Once you have corresponsing pain location and scintograph lesions established at baseline, it isn't too much of a leap to assume cessation of narcotics combined with bone scan resolution equates to clinical benefit.
As I said in a PM I wanted time to think through implementations and what they would mean. Below is one such implementation:
1) Randomize patients with pain that maps to a particular spot that shows hot on the bone scan
2) XL184 patient gets pain relief for that spot and bone scan will almost certainly show 'colding' of the hot spot. Great, no issues.
3) Dox patient gets equivalent (perhaps better) pain relief for that spot - but bone scan does not show 'colding' and in fact shows a hotter hot spot (flare indicating healing?).
Would the FDA really let a poorly understood test like a bone scan turn an equivalent clinical result (pain relief) into a very significant benefit for XL184? I don't think they will - nor do I think they should.

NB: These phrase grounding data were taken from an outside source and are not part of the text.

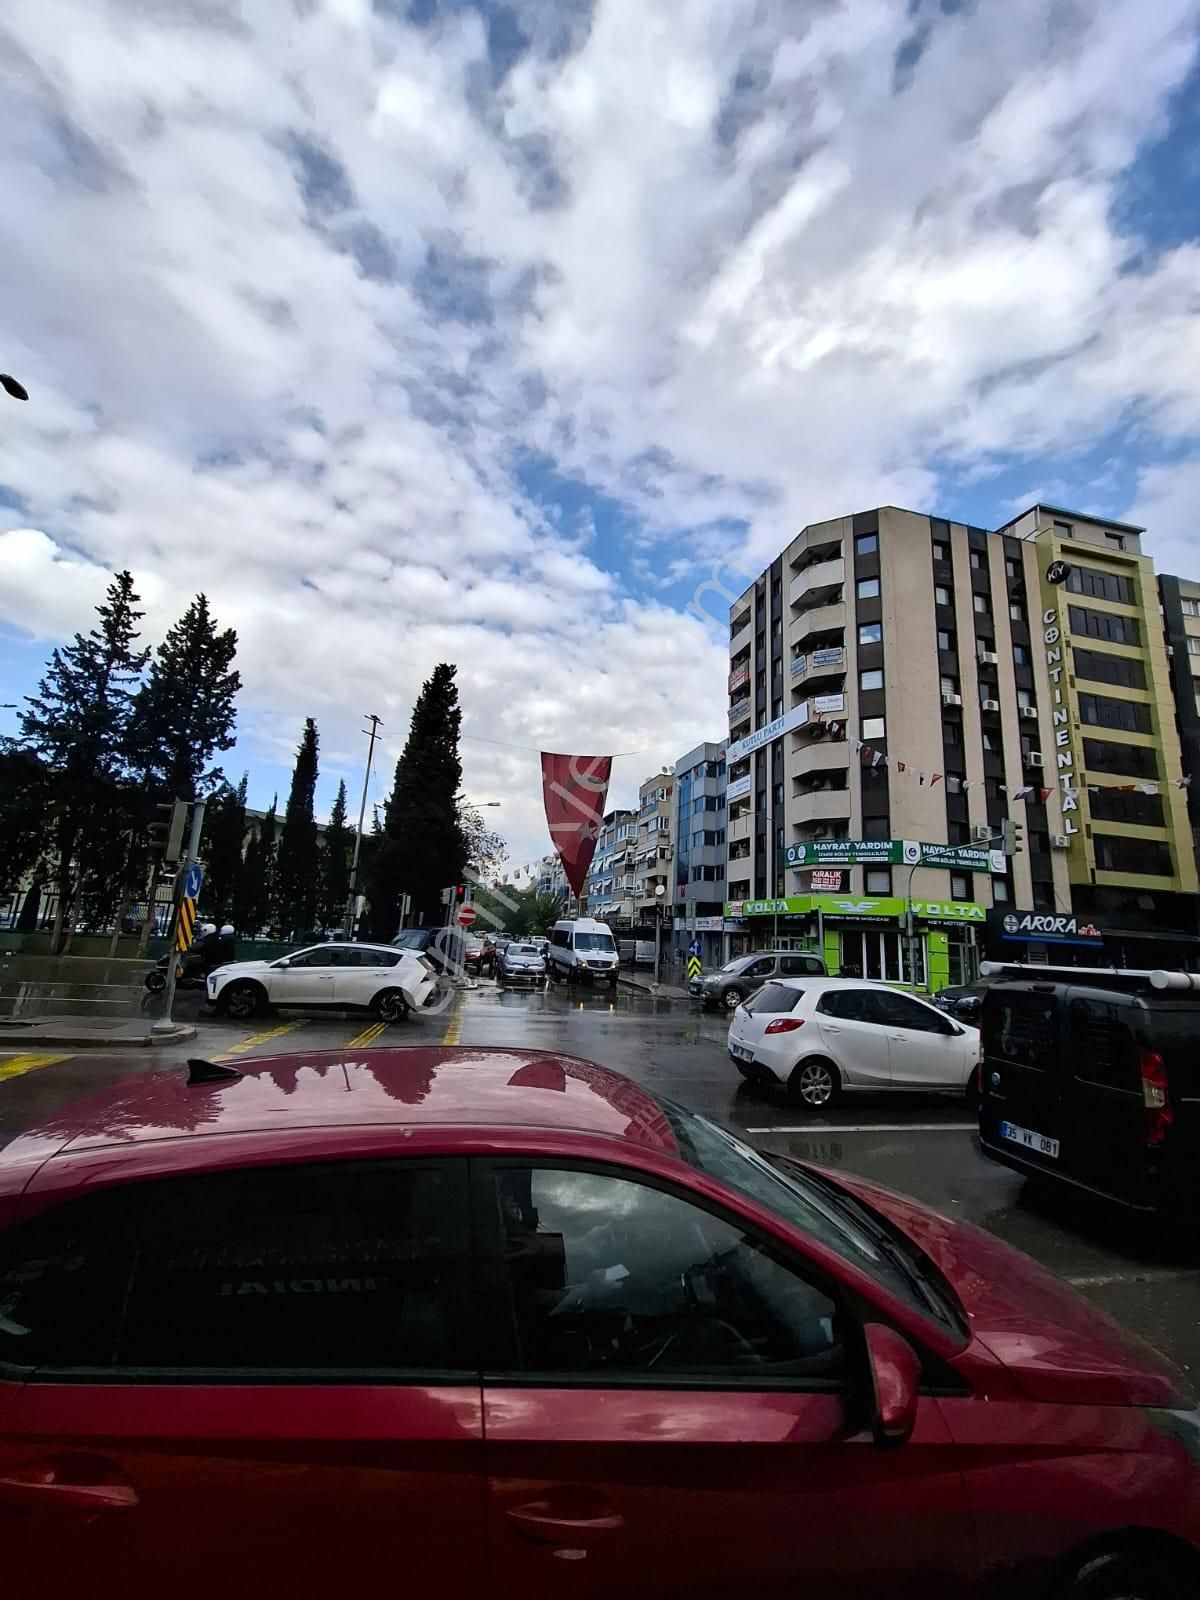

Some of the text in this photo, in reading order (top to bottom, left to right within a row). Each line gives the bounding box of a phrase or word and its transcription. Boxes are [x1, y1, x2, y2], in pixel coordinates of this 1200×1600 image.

[1042, 608, 1080, 835] CONTINENTAL
[813, 841, 893, 851] HAYRAT YARDIM
[746, 901, 789, 913] VOLTA
[911, 903, 984, 918] VOLTA
[1019, 915, 1077, 933] ARORA
[1007, 1126, 1057, 1156] 35 VK 081

And I think that conceptually almost anything that takes significant advantage of XL184's bone scan clearing phenomenon is likely to run into the same issue (with one exception - see below). OTOH if they pair it with another imaging technique that can detect dead tumor then, maybe..., but of course it is a debatable question as to whether XL184 is doing better in that regard.
The one exception would be to take advantage of the FDA's weakness of allowing existing standards to be used even if they are clearly asinine. In this case taking advantage of the fact that a hot spot is counted as progression in RECIST. In a simple prostate cancer trial isolated to patients with a high ratio of bone mets to soft tissue mets they could just run a pfs trial and I'd bet most progression would be bone scan progression so XL184 would win hands down. The FDA might bite - I don't think they should, but they might. No need to even go after a composite.